Weeping willow (Salix babylonica)

The weeping willow is a deciduous tree

Image - Flickr / Carl Lewis

The weeping willow tree is a movie tree. It has a very wide crown, beautiful branches that hang almost to the ground, and lanceolate leaves that give it a very elegant appearance.. During the winter it loses its foliage, but this does not diminish its natural beauty nor its resistance; in fact, it is capable of withstanding frosts down to -18ºC, maybe even more.

But it has several drawbacks. Perhaps the most important is that its roots need a lot of space to have a good development, which is why it is not recommended to plant in small gardens; and although it is believed that it tolerates pruning, what it really does is shorten its life expectancy, since it makes it (very) vulnerable to attack by pests and infections.

Origin and characteristics of the weeping willow

The weeping willow is a large tree

The weeping willow is a deciduous tree native to East Asia, whose scientific name is salix babylonica. It can reach a maximum height of 26 meters, but in cultivation it does not usually exceed 8 meters.. It has a crown that becomes very wide, 5-7 meters, formed by hanging branches from which lance-shaped leaves sprout, between 8 and 15 centimeters long, which have serrated margins. In adult specimens, it can be seen that the upper part is green and the lower part is glaucous.

Its flowers are yellow catkins about 5 centimeters long. emerging between the leaves. These are pollinated with the help of the wind, and this is also the means of transport for the seeds once they mature.

The life expectancy of the weeping willow is about 50 years.

What uses does it have?

It is used to decorate gardens. They are often planted near ponds or in wet areas, as it is a tree that grows better in these conditions than in dry soil. It can even be on the lawn, as long as there is a distance of about ten meters from the tree and the irrigation system.

Another very interesting use is to prevent soil erosion, a common problem on riverbanks. Likewise, it takes care of the fauna, since its branches and leaves provide a lot of shade.

Finally, it should be known that on some occasions it is worked as a bonsai, but given its short life expectancy it is not advisable.

What care does the salix babylonica?

If you dare to have one of these trees, the first thing you should keep in mind is that the best thing for it will be to plant it in the ground as soon as possible. Although it can be in a pot for a while, it is preferable that it grows and develops in the ground since it is young. But, in addition to that, you have to make sure that their needs are going to be covered:

Weeping willow leaves are deciduous


It is a tree that must be outside the house, exposed to direct sunlight, wind, rain, heat and cold. You need to feel the seasons changing, as this helps you stay healthy and make better use of your energy.


  • Flower pot: growing it in a pot is not the most convenient, but it can be kept for one or two years in a pot filled with universal growing substrate (on sale here).
  • Garden: grows in cool and/or moist soils, near rivers. Alkaline tolerant if they drain water well and quickly.

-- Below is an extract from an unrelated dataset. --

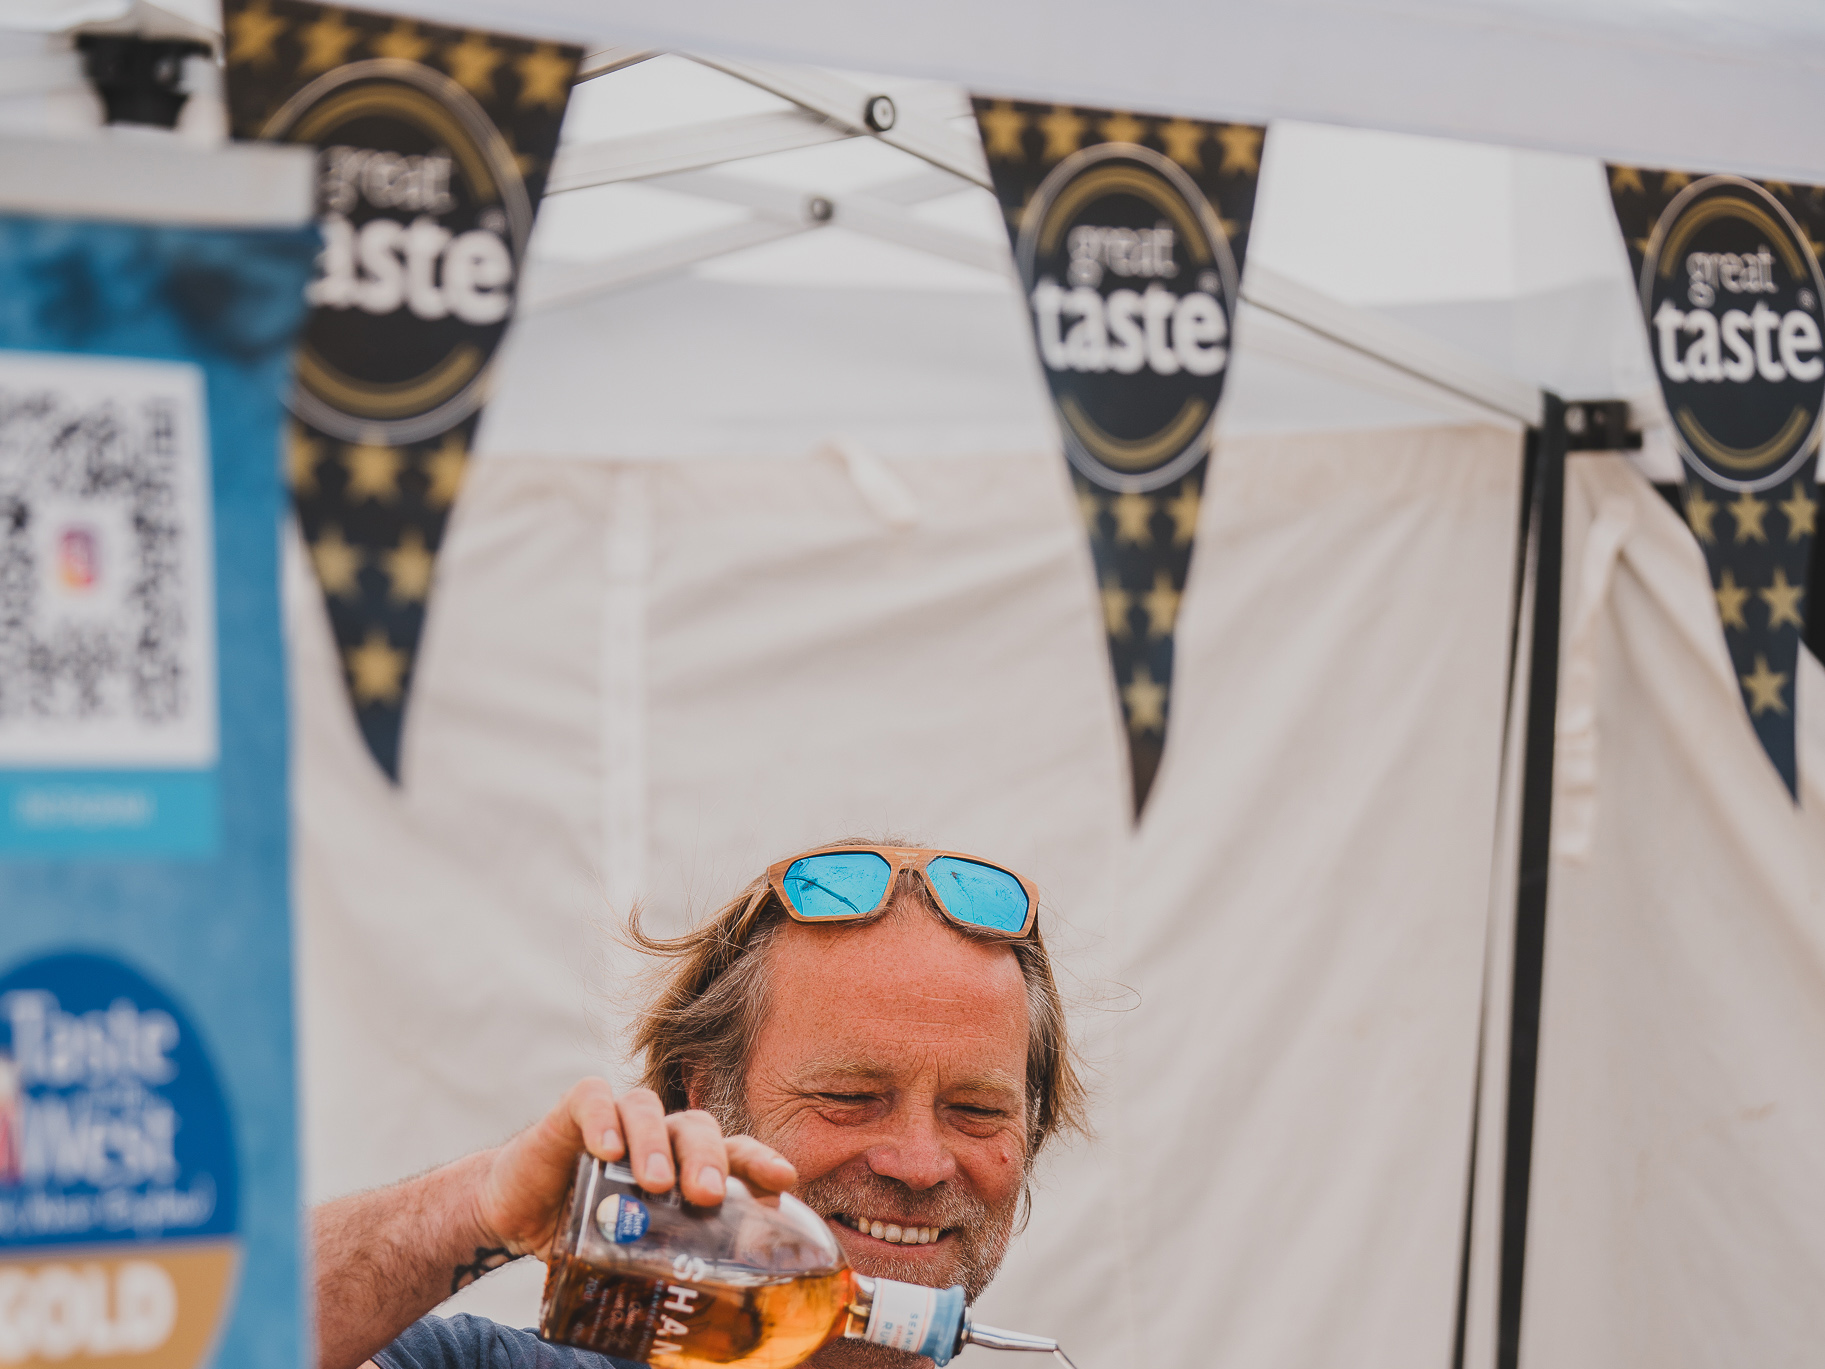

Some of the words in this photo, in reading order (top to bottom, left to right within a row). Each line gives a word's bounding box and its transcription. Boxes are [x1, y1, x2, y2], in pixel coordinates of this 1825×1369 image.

The weeping willow is a tree that needs frequent waterings. Therefore, if we live in a place where it rains little, it will have to be watered about 4-5 times a week during the summer, and about 2 times a week the rest of the year. In the event that it is planted in a pot, we can place a plate under it without problems.


It must be paid in spring and summer, if possible with ecological fertilizers since this way we will not harm the environment. Some examples of this type of fertilizer are: animal manure, egg and banana shells, earthworm humus (for sale here), compost or guano. It will suffice to take one or two handfuls (depending on the size of the specimen), once every 15 days during the warm months and every 30 days during the cold ones.


You can multiply the weeping willow by sowing its seeds in the fall or winter, or multiplying it by cuttings in early spring:

  • Seeds: if we live in an area where winter temperatures are low, with frost and/or snowfall, what we will do is plant them in pots and leave them outdoors; but if the climate is warm, with very light frosts, it is preferable to plant them in a tupperware with vermiculite (for sale here) and put them in the fridge for three months, and then plant them in seedbeds that we will leave outside.
  • Cuttings: it is possible to propagate it by cutting semi-woody branches at the end of winter and planting them in pots with coconut fiber (for sale here) for example. They will be left in partial shade, and they will be watered so that the substrate does not dry out.

Plagues and diseases

The leaves are strongly attacked by miner insects, aphids, chrysomelae larvae (they are a type of beetle) and mealybugs. In Spain the weeping willow is a victim of poplar drills (Paranthrene tabaniformis), which destroy the trunk from the inside; and by the mite known by the name of the willow witch's broom, which initially makes the plant look a little ugly, but if it is not treated, it greatly weakens the tree in the end.

As for diseases, it is very vulnerable to fungal infections, such as powdery mildew, or fungus Fusicladium saliciperdum, causing the appearance of brown spots on the margins of the leaf.


We do not recommend pruning it, unless you want to remove the dry branches. In any case, the time to do this is late winter.


Supports up to -18ºC (on some English websites they say more, up to -30ºC).